ECLI:NL:RBZWB:2022:5956
Rechtbank Zeeland-West-Brabant
- Eerste aanleg - enkelvoudig
- Rechtspraak.nl
Beoordeling van het beroep tegen de weigering van het UWV om de ZW-uitkering te heropenen na beëindiging
In deze uitspraak van de Rechtbank Zeeland-West-Brabant op 12 oktober 2022, wordt het beroep van eiser tegen de weigering van het UWV om terug te komen op de beëindiging van zijn Ziektewet (ZW) uitkering beoordeeld. Eiser had zijn uitkering, die per 29 september 2017 was beëindigd, opnieuw aangevraagd, maar het UWV weigerde deze heropening met het argument dat er geen nieuwe feiten of omstandigheden waren die deze beslissing rechtvaardigden. Eiser had in eerdere correspondentie aangegeven dat hij lijdt aan chronisch vermoeidheidssyndroom (CVS), maar het UWV oordeelde dat deze informatie niet nieuw was en dat de eerdere beoordeling van zijn situatie niet veranderd zou zijn, zelfs als deze diagnose eerder was gesteld.
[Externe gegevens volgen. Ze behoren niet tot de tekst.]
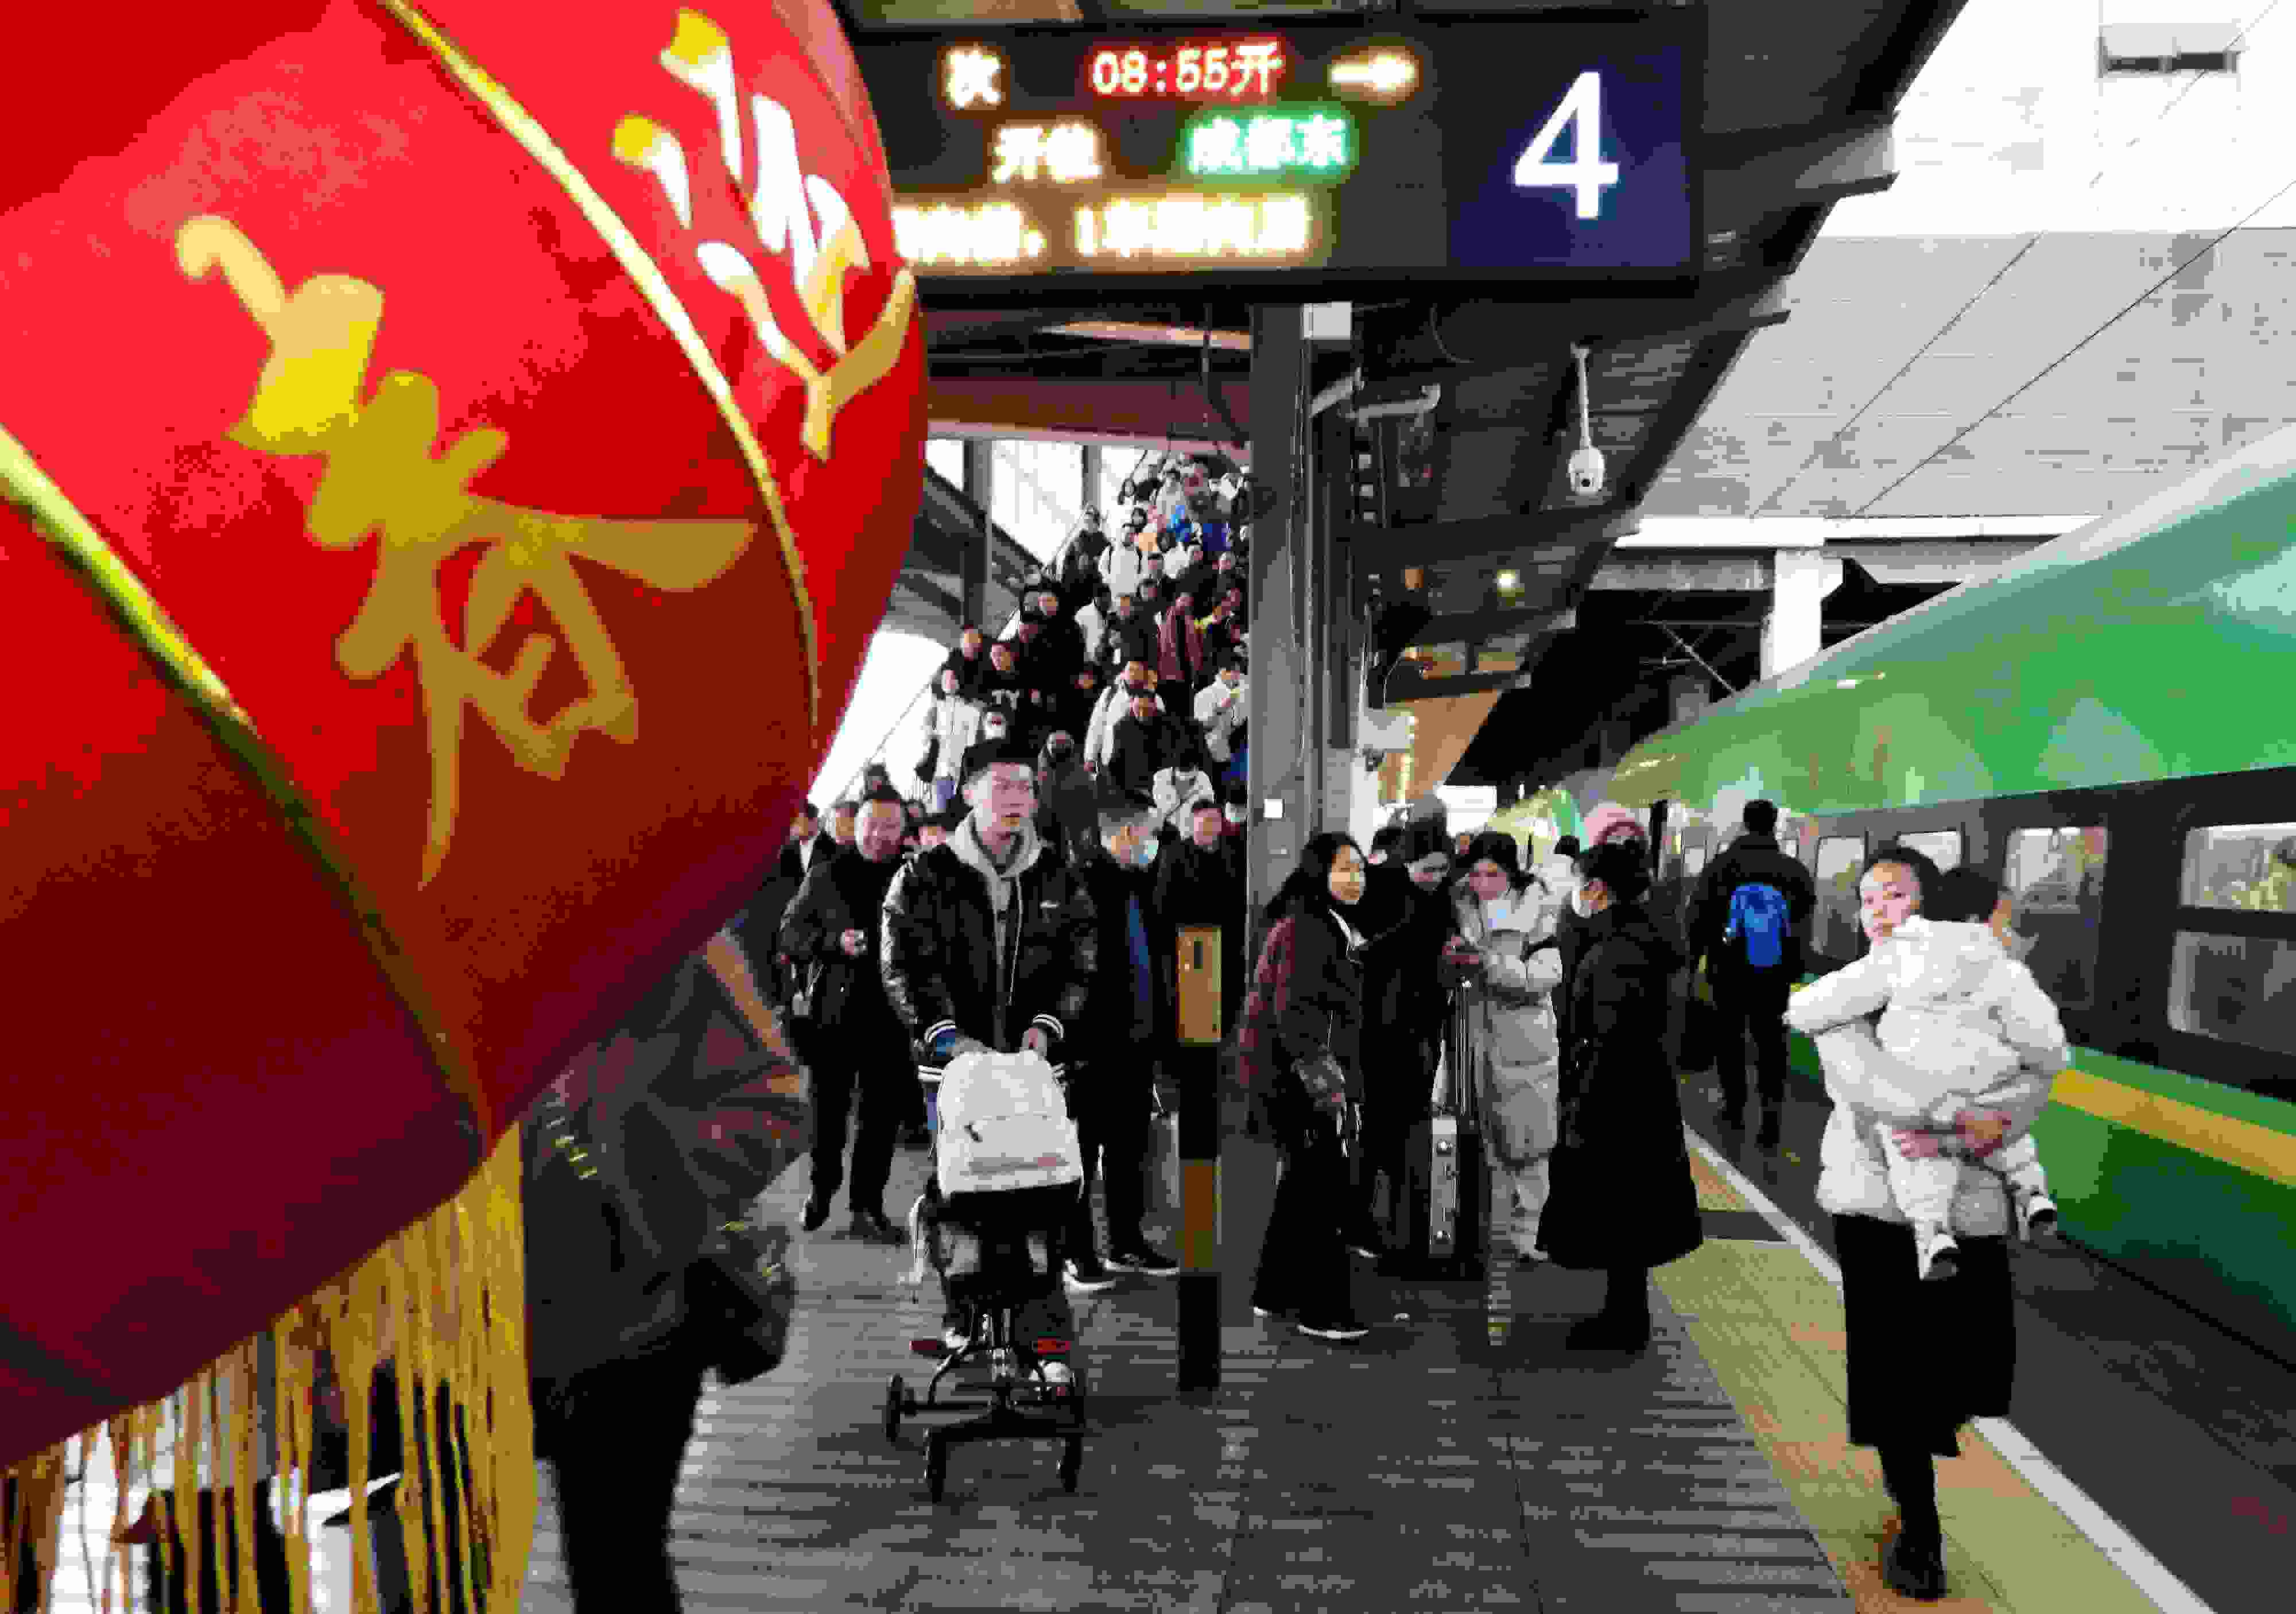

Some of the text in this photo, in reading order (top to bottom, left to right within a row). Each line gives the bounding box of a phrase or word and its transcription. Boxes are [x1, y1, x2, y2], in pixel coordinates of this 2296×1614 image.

De rechtbank heeft de argumenten van eiser zorgvuldig overwogen, maar concludeert dat er geen nieuwe medische gegevens zijn ingediend die de eerdere beslissing van het UWV zouden kunnen ondermijnen. De verzekeringsarts van het UWV had eerder al rekening gehouden met vermoeidheidsklachten, en de rechtbank oordeelt dat de weigering om terug te komen op het eerdere besluit niet evident onredelijk is. Daarom wordt het beroep ongegrond verklaard, en krijgt eiser geen proceskostenvergoeding of terugbetaling van griffierecht.
Deze uitspraak benadrukt het belang van nieuwe feiten of veranderde omstandigheden in bestuursrechtelijke procedures, en bevestigt dat het bestuursorgaan in staat is om eerdere besluiten te heroverwegen, maar alleen als er daadwerkelijk nieuwe informatie wordt gepresenteerd die relevant is voor de zaak.